TASK TO CARRY OUT: Before you finish, make sure every line below has been written out exactly.

EXCERPTED DATA section start

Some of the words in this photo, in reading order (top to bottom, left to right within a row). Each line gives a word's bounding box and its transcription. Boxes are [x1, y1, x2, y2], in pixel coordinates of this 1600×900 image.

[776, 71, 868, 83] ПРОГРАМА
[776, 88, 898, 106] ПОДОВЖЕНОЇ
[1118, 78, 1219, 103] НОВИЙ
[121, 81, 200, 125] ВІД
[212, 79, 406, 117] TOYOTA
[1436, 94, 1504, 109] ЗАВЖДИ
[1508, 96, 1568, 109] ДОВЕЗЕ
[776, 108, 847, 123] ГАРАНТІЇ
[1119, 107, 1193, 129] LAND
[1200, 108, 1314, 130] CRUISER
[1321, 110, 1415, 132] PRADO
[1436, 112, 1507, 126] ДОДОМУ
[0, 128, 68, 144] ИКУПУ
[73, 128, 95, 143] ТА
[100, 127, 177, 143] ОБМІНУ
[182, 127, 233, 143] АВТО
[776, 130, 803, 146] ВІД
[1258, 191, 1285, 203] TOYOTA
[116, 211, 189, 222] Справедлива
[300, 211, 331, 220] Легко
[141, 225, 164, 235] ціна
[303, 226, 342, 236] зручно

EXCERPTED DATA section end

RESPONSE TO THIS TASK:
Some of the words in this photo, in reading order (top to bottom, left to right within a row). Each line gives a word's bounding box and its transcription. Boxes are [x1, y1, x2, y2], in pixel coordinates of this 1600×900 image.

[776, 71, 868, 83] ПРОГРАМА
[776, 88, 898, 106] ПОДОВЖЕНОЇ
[1118, 78, 1219, 103] НОВИЙ
[121, 81, 200, 125] ВІД
[212, 79, 406, 117] TOYOTA
[1436, 94, 1504, 109] ЗАВЖДИ
[1508, 96, 1568, 109] ДОВЕЗЕ
[776, 108, 847, 123] ГАРАНТІЇ
[1119, 107, 1193, 129] LAND
[1200, 108, 1314, 130] CRUISER
[1321, 110, 1415, 132] PRADO
[1436, 112, 1507, 126] ДОДОМУ
[0, 128, 68, 144] ИКУПУ
[73, 128, 95, 143] ТА
[100, 127, 177, 143] ОБМІНУ
[182, 127, 233, 143] АВТО
[776, 130, 803, 146] ВІД
[1258, 191, 1285, 203] TOYOTA
[116, 211, 189, 222] Справедлива
[300, 211, 331, 220] Легко
[141, 225, 164, 235] ціна
[303, 226, 342, 236] зручно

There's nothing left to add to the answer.